It took me two months, but I finished Simplicity It’s So Easy 2117!
It’s not that the pattern is difficult, its just that I was busy and not home a lot. I was afraid that this was going to become a UFO. But, I am determined to keep the UFOs to a minimum. How will I ever learn if I never finish anything? What would be the point of buying fabric and patterns if I never completed a project?
I am against UFOS, but not wadders- at this point, I expect a certain number of projects to be unwearable, am and fine with it- as long as I make harder fabrics in cheap fabric the first time, it’s OK to learn through failure. I got sale fabric for this project for that very reason. It’s a wadder, which is what I was expecting because I am so inexperienced.
I was either optimistic or foolhardy and bought striped fabric. I think this was a smart move I my part- I wasn’t expecting this to come out perfectly, and a striped fabric forced me to practice lining things up carefully, and made my mistakes in the finished project more obvious, showing me where I need improvement.
I made a size 12- I would like to learn how to alter sewing patterns to fit my body, but since I have never made a skirt from a pattern before, I figured it would be better to learn how a non-altered pattern would fit my body. I thought I could have possibly gone down a size- based on the measurements on the envelope, it should be snug at the waist, probably too snug, but isn’t. If I made this again, I would make a muslin in a smaller size to see if it fit better.
Neeno at Sew Me Love also made Simplicity 2117, also without the chains or buttons- she originally made a size 12, but feels that the pattern runs a little large, so a 10 is really a better fit- I think I agree with her.
I did have some problems with this pattern, but most of the directions were clear and easy to follow.

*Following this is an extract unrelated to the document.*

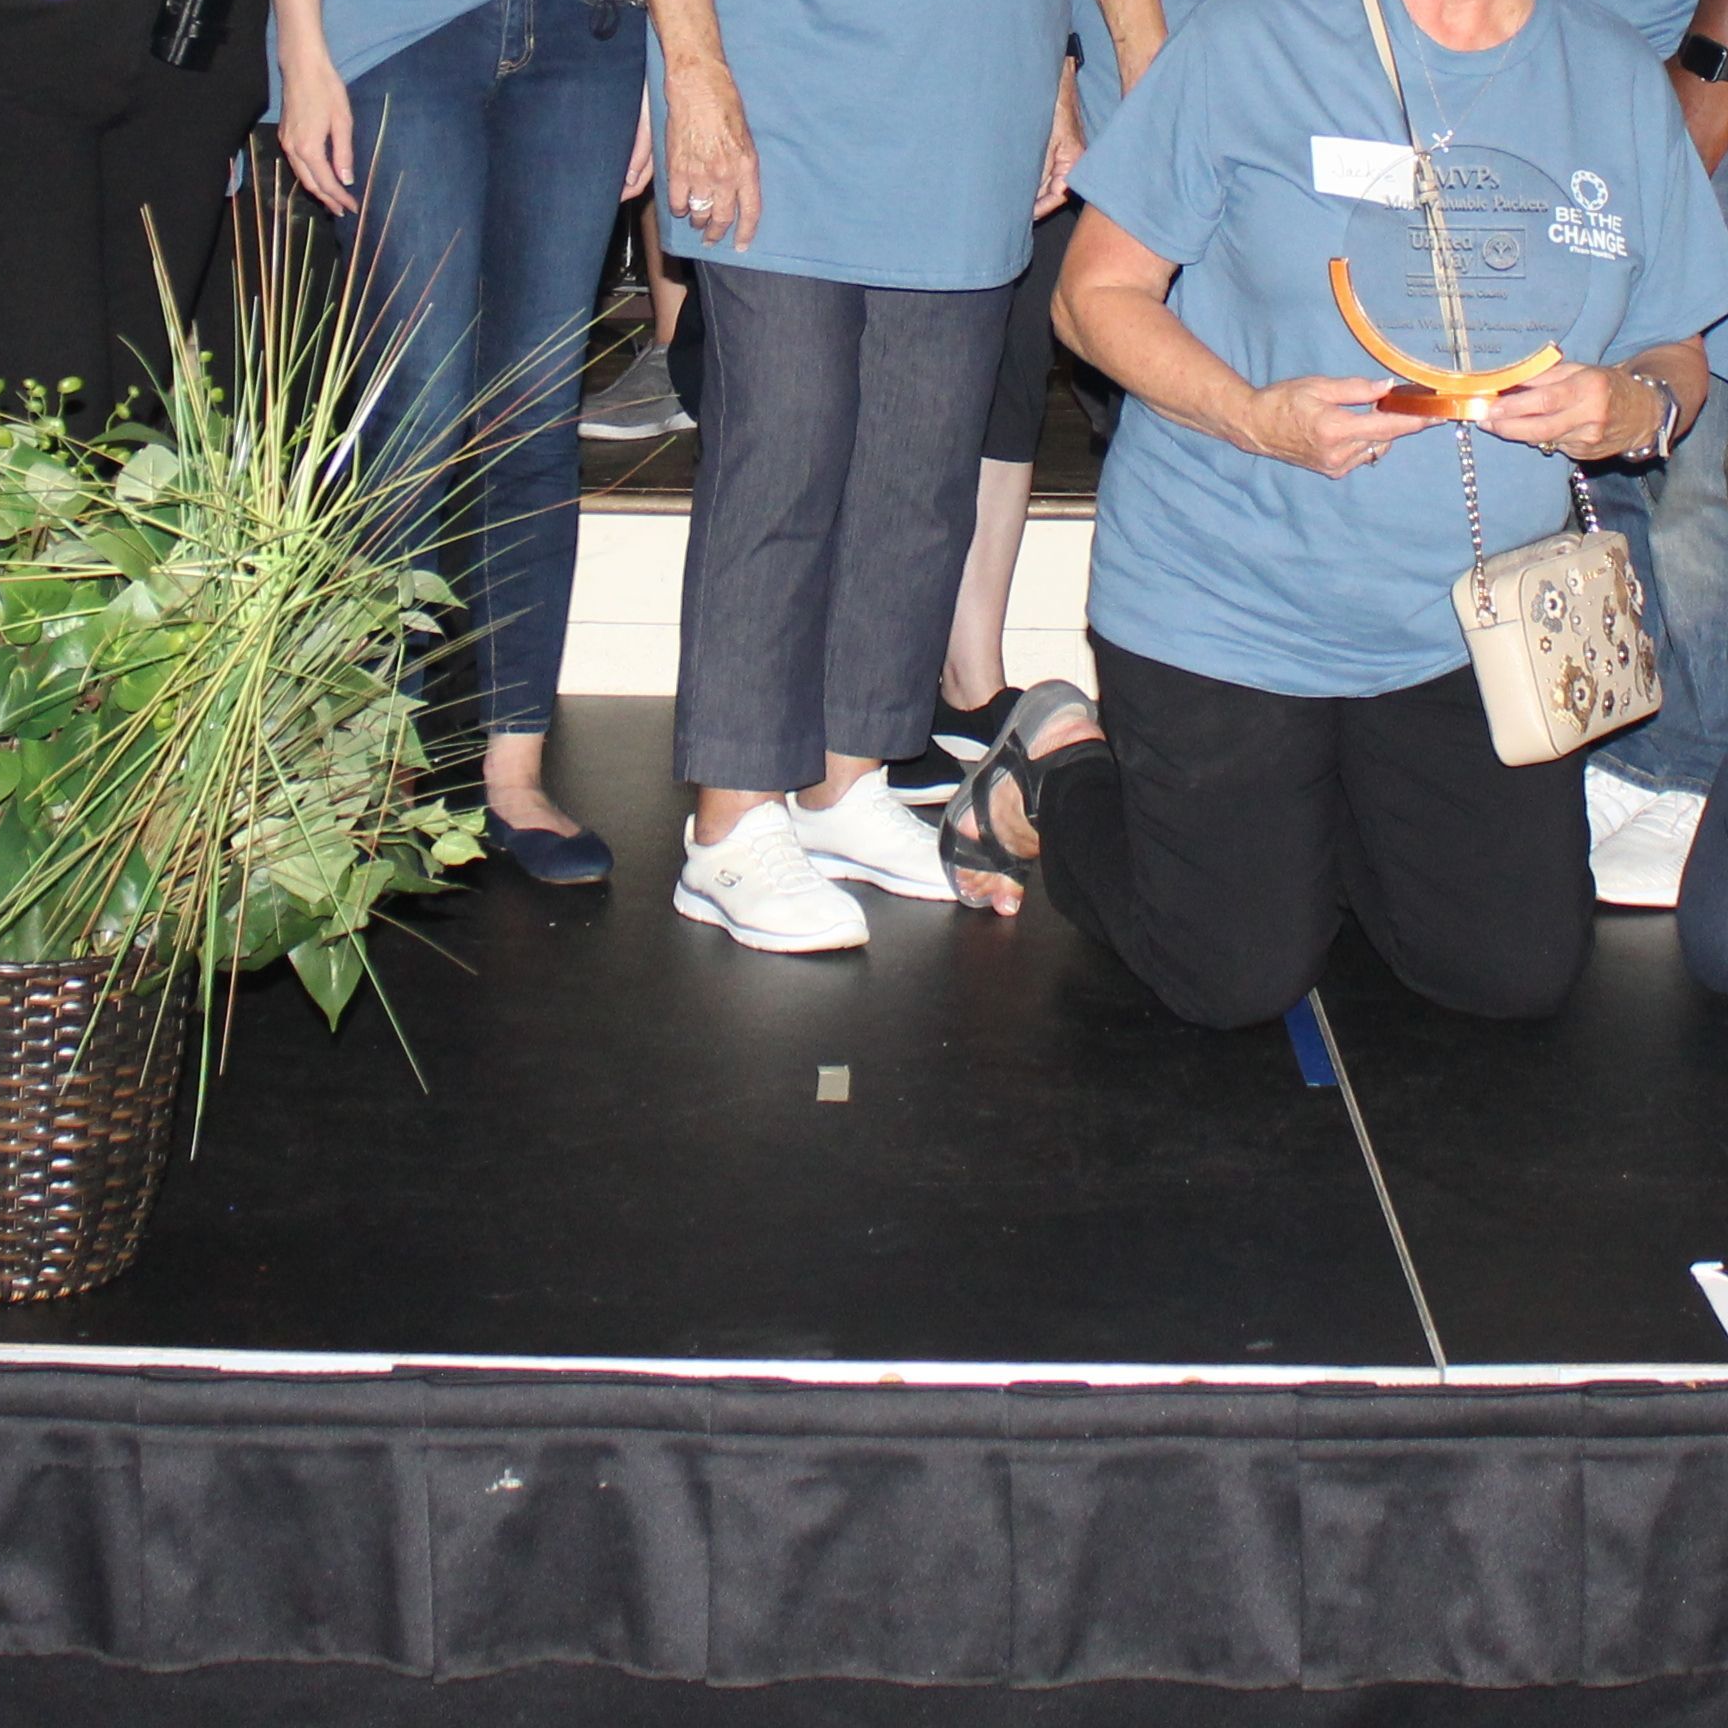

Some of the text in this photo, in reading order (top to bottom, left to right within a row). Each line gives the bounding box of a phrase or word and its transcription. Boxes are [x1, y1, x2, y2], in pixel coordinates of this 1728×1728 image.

This was my first time using interfacing or making a waistband or pockets, so it was a good experience for me to start learning these techniques.
My first problem was the zipper: I accidentally positioned it a bit too high,so i didn’t have room for the closure above it. Despite my best efforts to be careful and follow the directions, the zipper did not turn out right- once I get to the thicker area near the zipper pull, the line of stitches goes outward towards the less thick area.
My other problem was connecting the body of the skirt to the waistband. The skirt has small pleats at the front, as well as darts. I think I made my darts too small, because I had to add two extra pleats to make the skirt fit into the waistband without bunching. This spoiled the proper lining up of the lines on the skirt and the lines of the waistband:
One thing I did not like about the skirt was that the waistband bows out towards the top. This could be because of some mistake I made, or maybe using a sturdier
interfacing could help with this, or it might be the pattern itself. In any case, this is my least favorite feature of the skirt.
I’ll probably find a skirt without pleating the next time I make a pencil skirt- pleats just make a little puff under my belly button, which is not exactly the look I’m going for. I need something that will make the back of me look more curvy, not the other way around!
I think someone with a longer waist would be able to make the pleats look good, though. This was a good learning project, but is not flattering enough for me to actually wear. I think it might be good in a thicker fabric, if I could figure out how to skip the pleats and hug my backside a bit more.